When we first meet Pim he’s a small boy playing dress-up in his mum’s bedroom. She’s a former local beauty-queen gone to seed and, when Pim finds her sash and tiara, he takes the opportunity to crown himself, naked except for red lipstick, throwing open the shutters and bathing himself in light. This establishes Defurne’s aesthetic – romantic, poetic, dreamy and tinged with nostalgia – and his approach to his subject. It’s a joyous, liberating moment for the child, but one that doesn’t last for long. When his mum walks in and sees him she tells him it’s okay, but it marks the beginning of Pim’s development as her ‘strange boy’, her ‘crazy boy’ who, as he gets older, grows further away from her and her dreams of escaping her mundane life and travelling to far off places.

The story then jumps to the few days before Pim’s fifteenth birthday. He is in love with his best friend and boy next door, Gino. Gino’s home and family provide a refuge for Pim and some stability, given his own mother’s lack of care and weekends away playing accordion at local fairs. He doesn’t say much, his mother complains, he just draws all the time and never shows her what he makes. What he draws is Gino naked and, we soon discover, this is drawing from experience, not imagination. Gino (who’s seventeen) and Pim are lovers, spending summer nights together in a tent, or riding into the woods on Gino’s motorbike, Pim holding onto Gino nice and tight because he wants to, not because he has to.

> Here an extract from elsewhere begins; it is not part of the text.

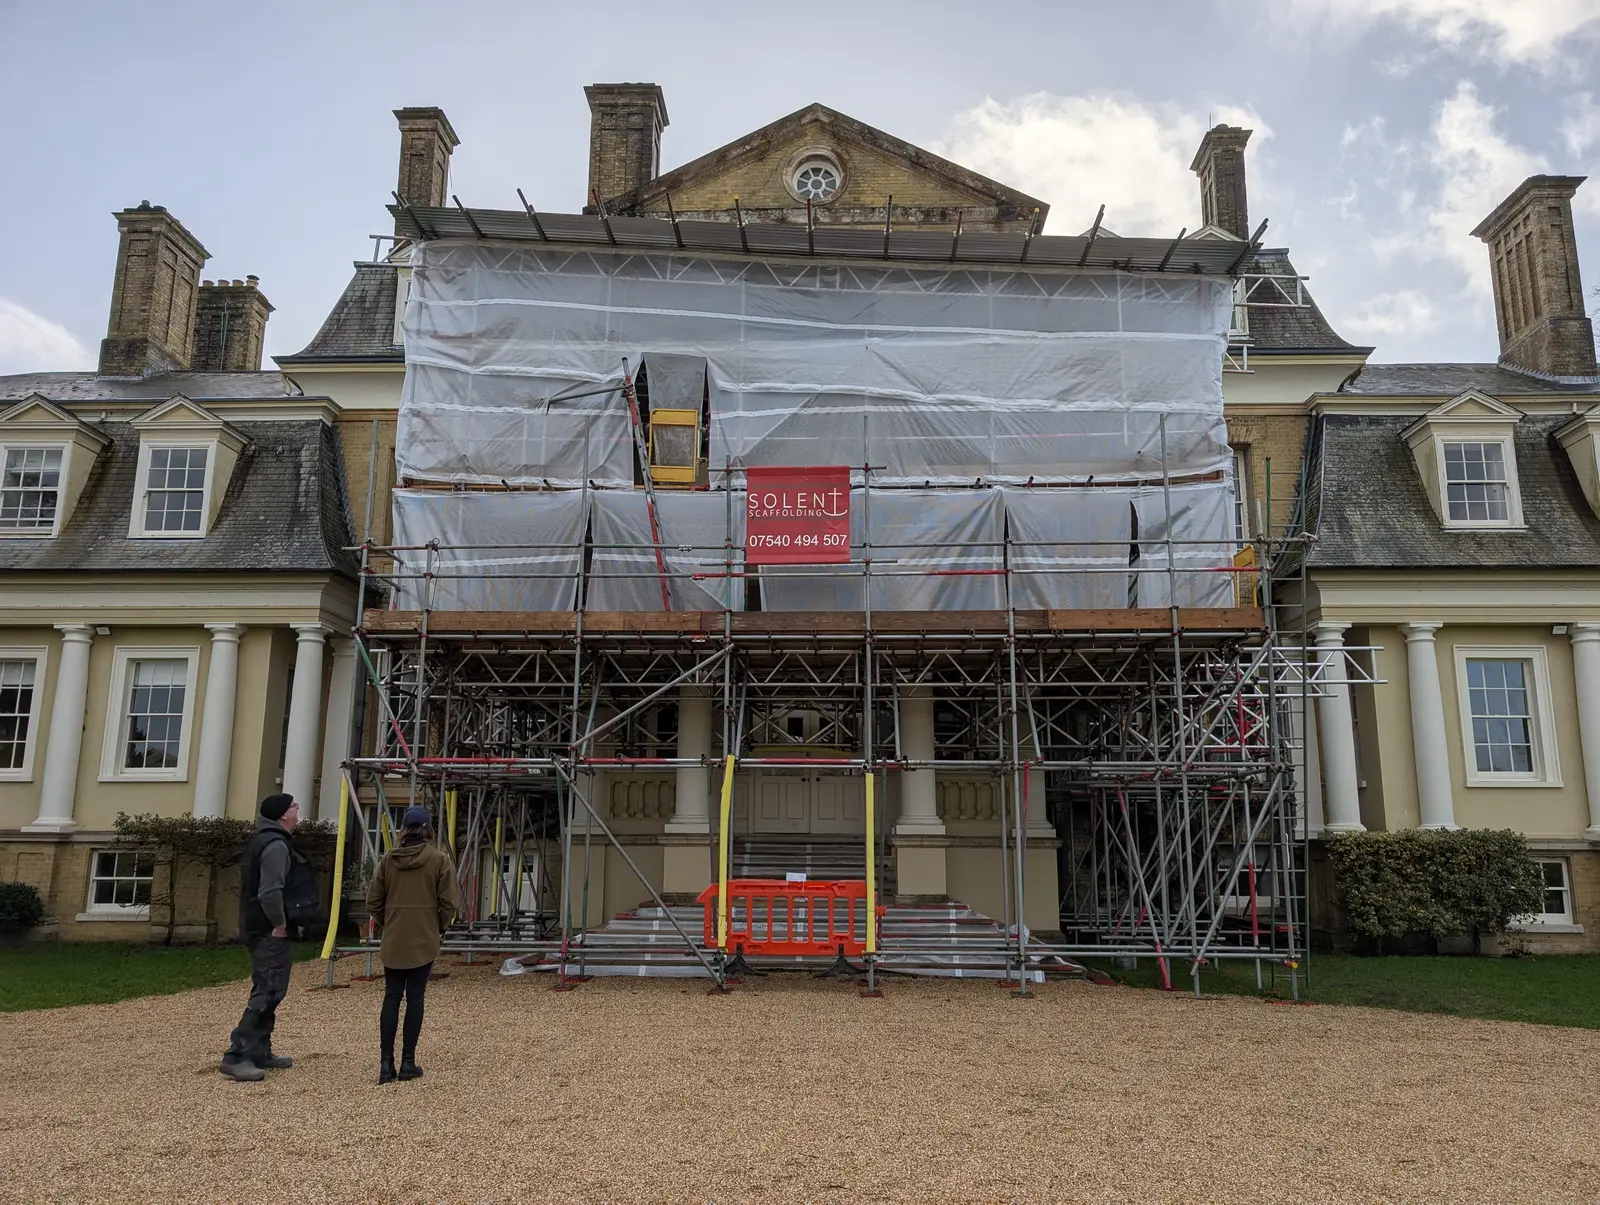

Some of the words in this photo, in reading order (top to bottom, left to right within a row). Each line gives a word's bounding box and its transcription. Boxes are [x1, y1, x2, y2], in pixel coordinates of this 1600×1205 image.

Like Andrew Haigh’s Weekend, North Sea Texas emphasizes the universality of love amidst the specificities of gay experience. Many of the same longings, desires, anxieties and disappointments that you might find in any teen-romance movie are explored here, while not compromising on depictions of gay teenage sexuality. This is probably why the film’s end credits contain a dedication from Defurne to “all the kids whose parents wouldn’t let them take part in this film.” Over 200 actors were tested for the parts of Pim and Gino and a lot of teenage boys were scared of portraying a gay character, and to do things that wouldn’t be an issue if they were playing opposite a girl. Apparently, there were many no-shows at the auditions and some actors were forbidden to play gay by their parents. However, compared to your average episode of Skins, the nudity and sexual content of North Sea Texas is really tame and sensitively handled. The camera’s gaze is never exploitative or gratuitous. Any anxiety about looking at the young male body as a sexual object, especially for male viewers quite a bit older than Pim and Gino, is likely to be because, culturally, men looking at boys is taboo, and when we were boys looking at boys we felt ashamed. It’s hard to shake these things off.

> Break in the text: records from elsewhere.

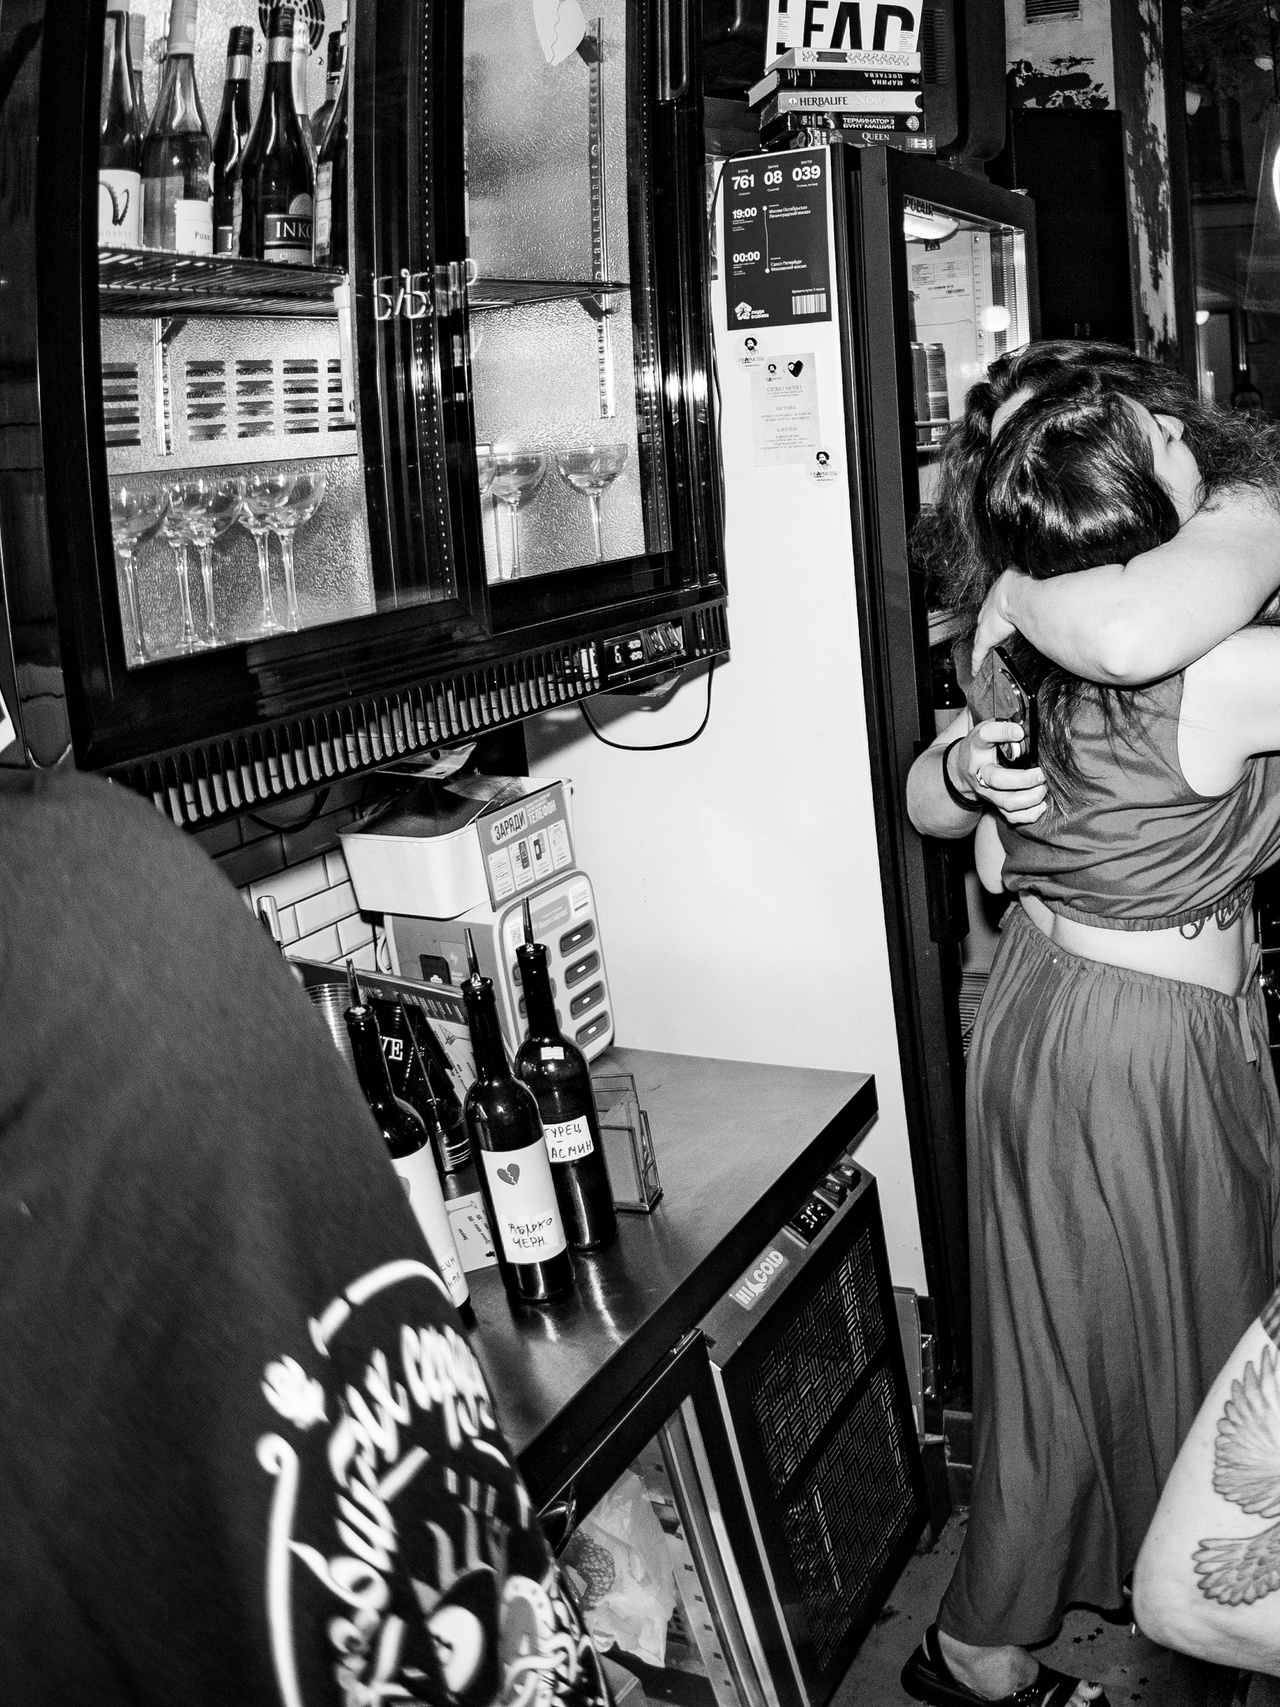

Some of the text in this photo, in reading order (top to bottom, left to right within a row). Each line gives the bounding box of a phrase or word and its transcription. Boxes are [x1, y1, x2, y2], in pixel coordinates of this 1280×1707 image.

[871, 78, 904, 86] МАРИНА
[799, 96, 849, 106] HERBALIFE
[842, 117, 888, 125] ТЕРМИНАТОР
[862, 131, 890, 143] QUEEN
[731, 165, 821, 190] 761 08 039
[732, 207, 757, 219] 19:00
[733, 251, 760, 263] 00:00
[527, 799, 557, 825] ТЕЛЕФОН
[494, 811, 526, 841] ЗАРЯДИ
[544, 1124, 582, 1139] ГУРЕЦ
[552, 1140, 592, 1159] АСМИН

Pim’s also anxious about looking, constantly averting his gaze, first from Gino and then from Zoltan, the sexually ambiguous ‘fairground gypsy’ who rents a room in his mother’s house. She and Pim are rivals for his attention and there are moments in the film when we’re not sure who Zoltan will settle for. When Pim discovers him and his mother in bed it’s clear that, as far as her son is concerned, she’s stolen his imagined escape route and taken it for herself. Her abandonment of Pim becomes complete.

It’s these grittier elements of the plot that stop the film from tipping over into total slushiness. Defurne says, “Though this film is set in a social and emotional environment that’s mundane and everday, I didn’t want to make another gritty realist movie about a neglected boy in a grey world”. The film may be small in scale but it’s avowedly cinematic, making a limited budget work to its advantage with its confined spaces and use of natural light. The 1970s sets are perfectly realized, even stylized, as are the costumes, and this is also part of Defurne’s aesthetic: “The colourful visuals and romantic music make this film an uplifting viewing experience, and provides a different perspective with which to explore the inner world of the characters. It adds the poetry and irony that social realism tends to understate”.

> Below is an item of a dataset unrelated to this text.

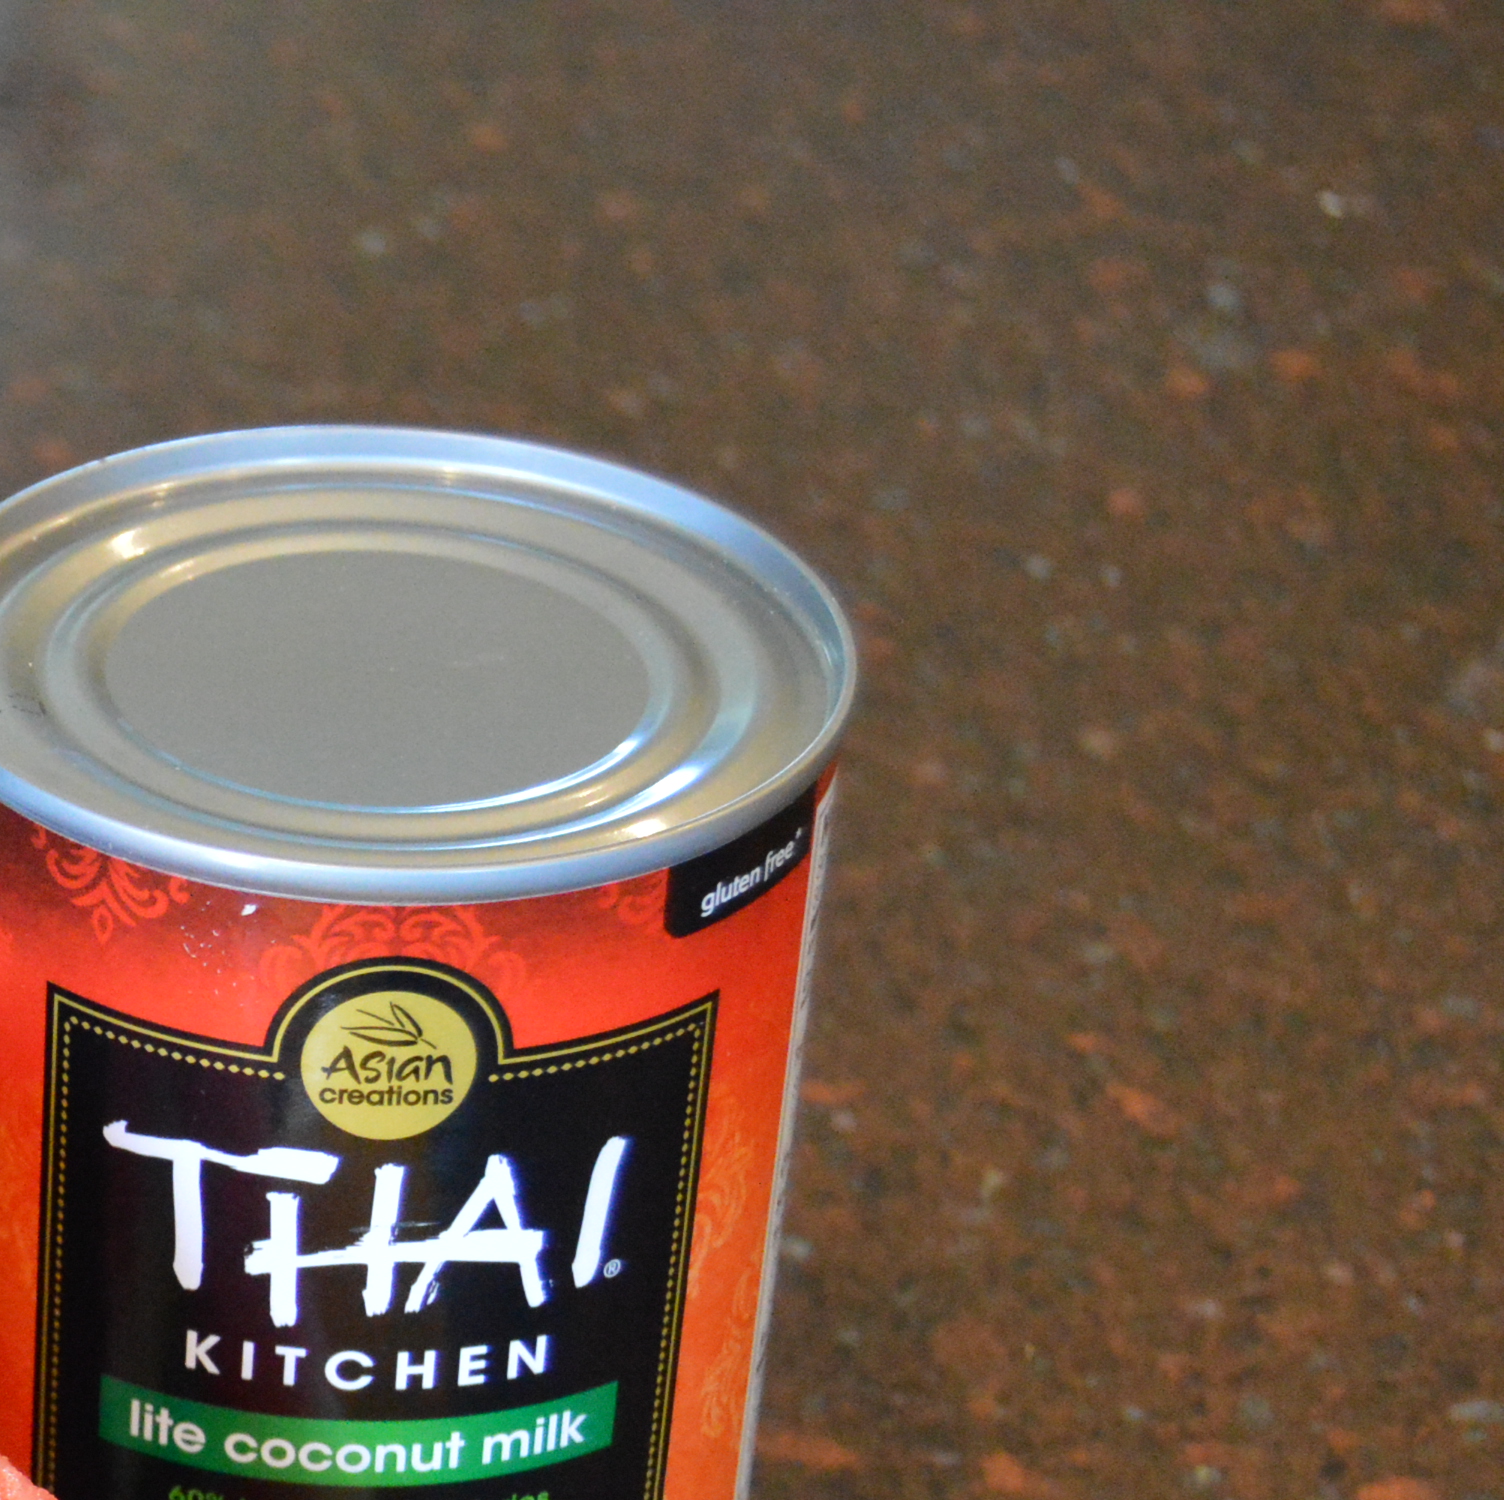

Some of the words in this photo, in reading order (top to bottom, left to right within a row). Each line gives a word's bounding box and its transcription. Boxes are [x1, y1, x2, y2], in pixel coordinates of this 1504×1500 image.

It’s in the film’s ending that these competing elements of realism and romanticism come to a head. “I really wanted to make a point by leaving out the traditional tragic gay finale,” Defurne says. “We have too often seen how gay love leads to a life of disappointment, violence or even death and I didn’t want to add another film to this cycle. I wanted to show that the life that wasn’t possible for the boys from Brokeback Mountain is not beyond everybody’s reach.” Fair enough, and this is the same approach we saw taken by Beautiful Thing, and even Queer as Folk, both having fantastical romantic endings. So when Pim gets his boy at the end of this film, did I feel happy for him? Yes. Did it ring true? Not quite. It sits somewhat uneasily with everything that has gone before and also, by this time, I thought Pim could do better for himself anyway. He grows a lot in this movie and perhaps Defurne’s real achievement, and that of the young actor Jelle Florizoone who plays him, is that I care enough to want him to realize his larger dreams and his potential.

All of the film’s actors are pitch perfect and convince through their naturalistic, seemingly effortless, performances. That Defurne can draw these out of some especially young actors is a testament to his talent as a director. North Sea Texas is an immensely promising first feature from someone who wants to tell our stories. It’ll be interesting to see where he’s headed next.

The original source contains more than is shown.